Studies of the Magellanic Clouds and other nearby Irrs reveal star clusters covering a full range of age classes, and thus these galaxies have been actively producing stars for at least several billion years (162, 167). Recently photometry has been obtained by Stryker (336, see also 338) down to the main sequence turnoff in the red LMC halo cluster NGC 2257. As this cluster contains a well-defined horizontal branch and RR Lyrae variables, the preferred age calibration method, developed by Rood & Iben (284; see Iben 192) and based on the distance-independent luminosity difference between main sequence turnoff and horizontal branch, can be applied to show that NGC 2257 is as old as Galactic globulars. Evidently the LMC produced or obtained star clusters from the same early epoch as the Milky Way. In contrast to the Milky Way, however, the Magellanic Clouds are still making globularlike star clusters, the ``populous blue clusters'' or ``blue globular clusters'' (156). Although there has been some resistance to considering these as total parallels to young globular clusters, LMC blue globular cluster masses lie in the range of 104-105 Msun and therefore overlap with true globulars (58, 114, 118, 148, 254). These clusters are not unique to the Magellanic Clouds, and the luminous, near-stellar knot seen in actively star-forming regions of Irrs such as NGC 1569 or NGC 5253 (2, 84, 188, 189, 367, 370) may be populous stellar clusters in early evolutionary phases when OB stars and circumstellar gas are still present. It is therefore not appropriate to attribute the production of globular star clusters only to unique conditions in the early Universe (e.g. 85), but rather there may be a variety of channels for the formation of dense, spheroidal star clusters.
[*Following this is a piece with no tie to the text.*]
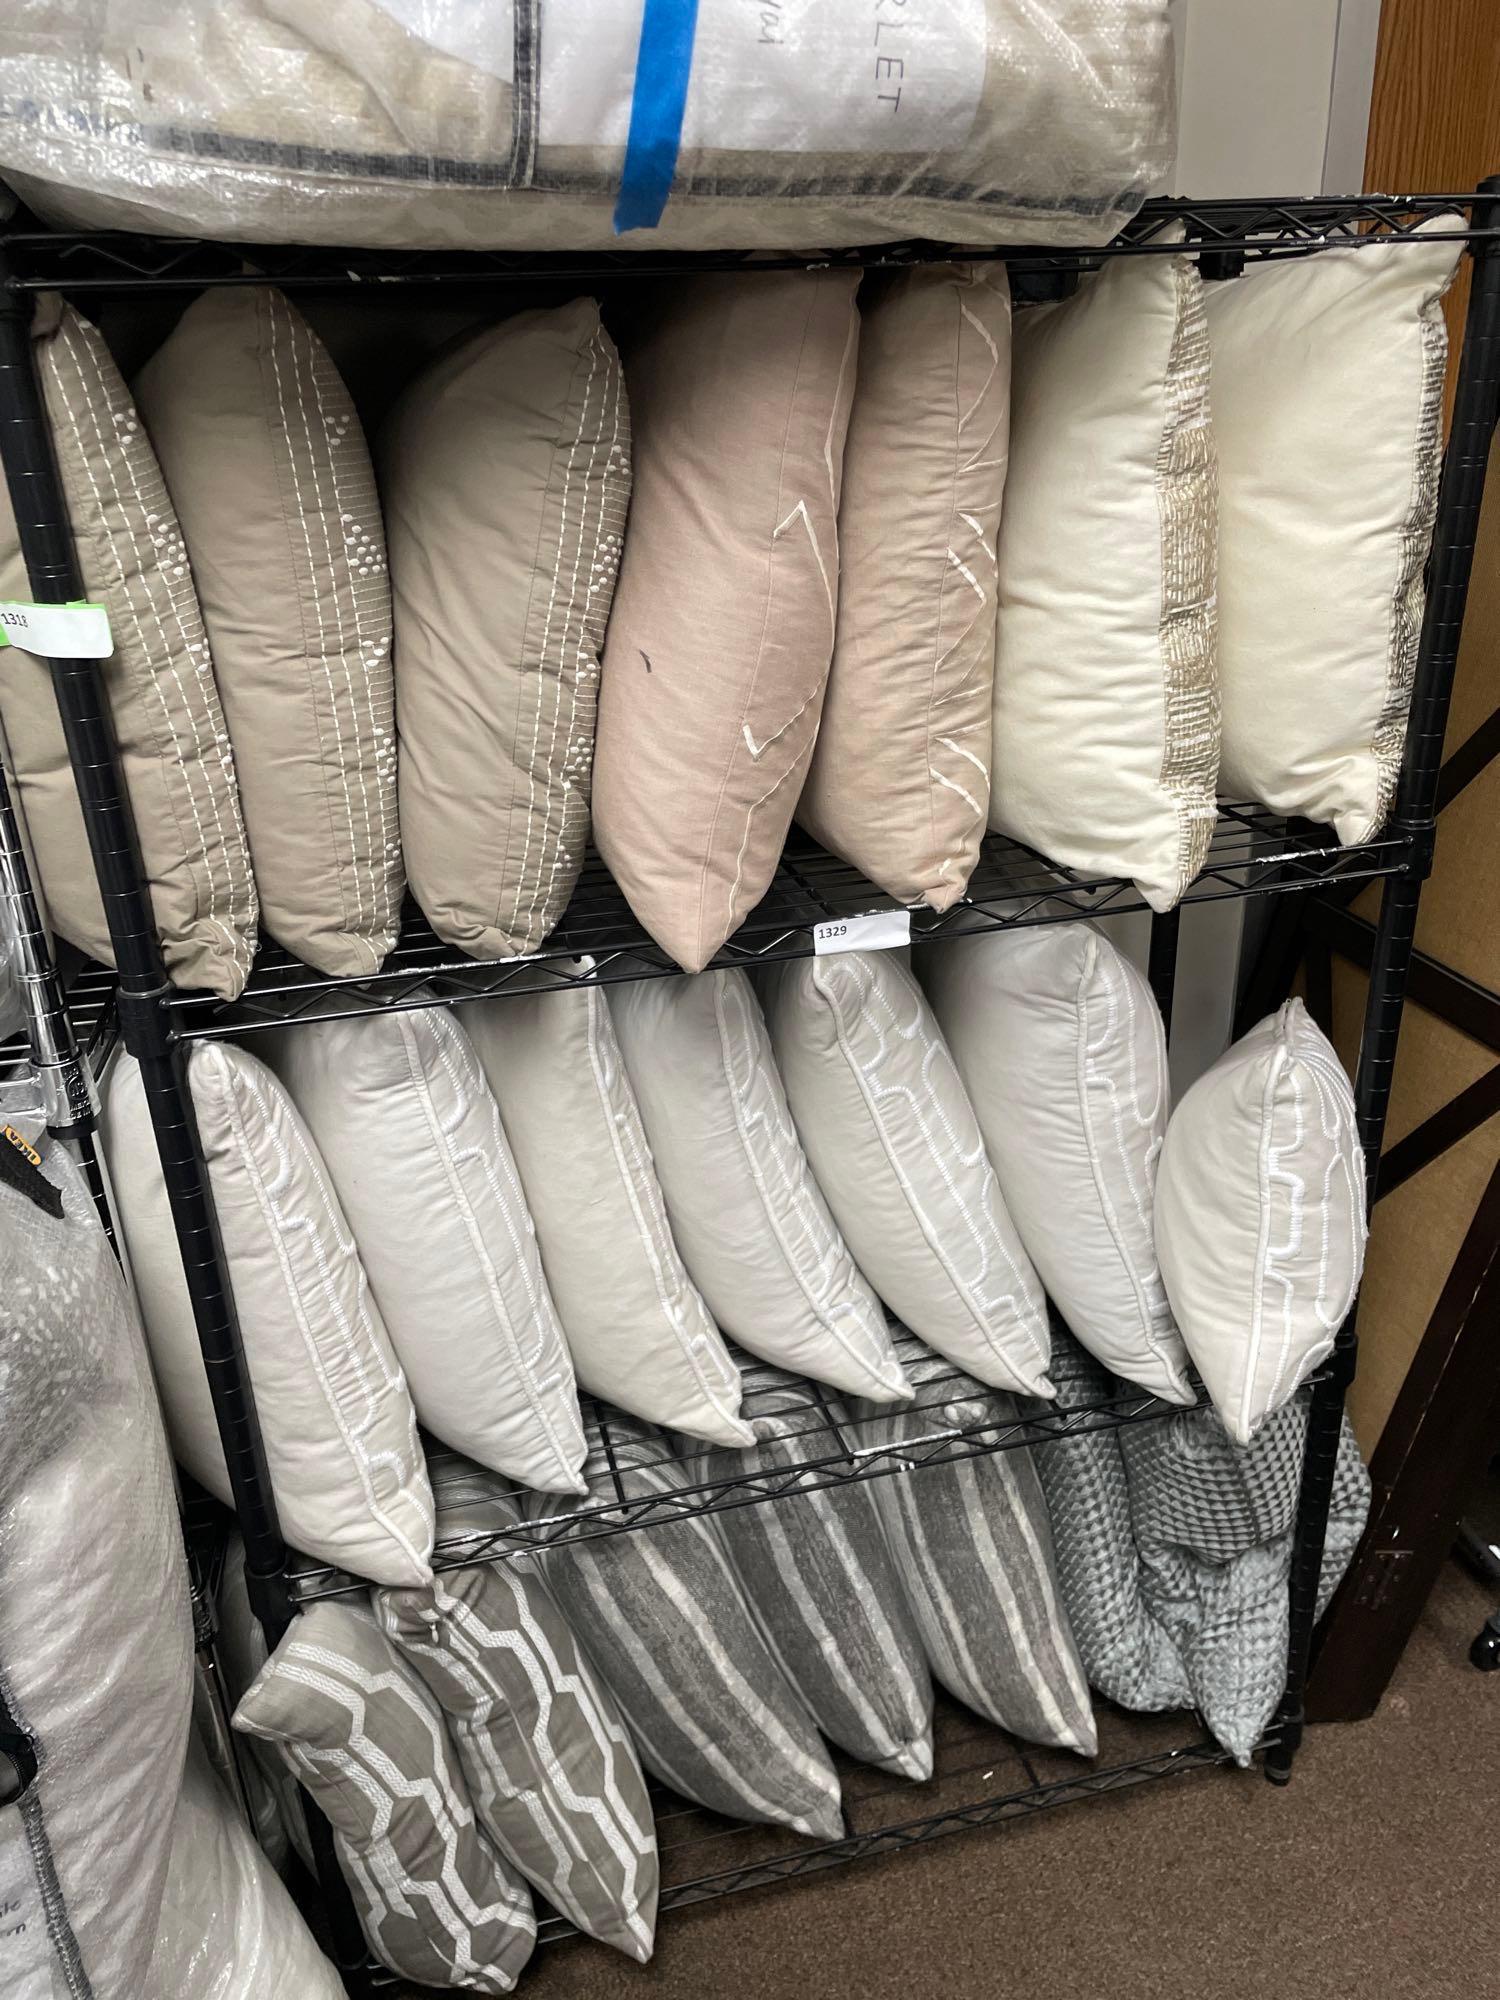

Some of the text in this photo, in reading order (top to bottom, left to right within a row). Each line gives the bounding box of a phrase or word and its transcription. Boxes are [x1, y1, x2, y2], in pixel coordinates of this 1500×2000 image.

[1, 613, 28, 628] 1318
[818, 925, 847, 939] 1329
[9, 1130, 37, 1161] IKEA
Not all Irrs, however, display the same small-scale spatial patterns of star-forming activity. At one extreme, the low astration rate dwarfs often lack rich clusters and pronounced OB associations, even when massive stars are present (e.g. 288, 301, 369). At the other extreme, some rapidly star-forming amorphous Irrs are also quite smooth in their optical appearances (125, 294, 300) and are pervaded by diffuse optical emission lines from ionized gas (84, 157, 188). It is quite clear that these galaxies may contain large complements of massive young stars, as evidenced by their high Halpha luminosities and hot IUE ultraviolet spectra (219). The optically distinct, large star-forming complexes (OB associations, HII regions, etc.), which are the hallmark of most Irrs, are, however, missing. Perhaps in these systems the individual star-forming sites are overlapping or the stars are forming via a different mechanism than in most Irrs. But in either case, the amorphous Irrs illustrate that kinematically similar galaxies do not necessarily follow identical evolutionary paths.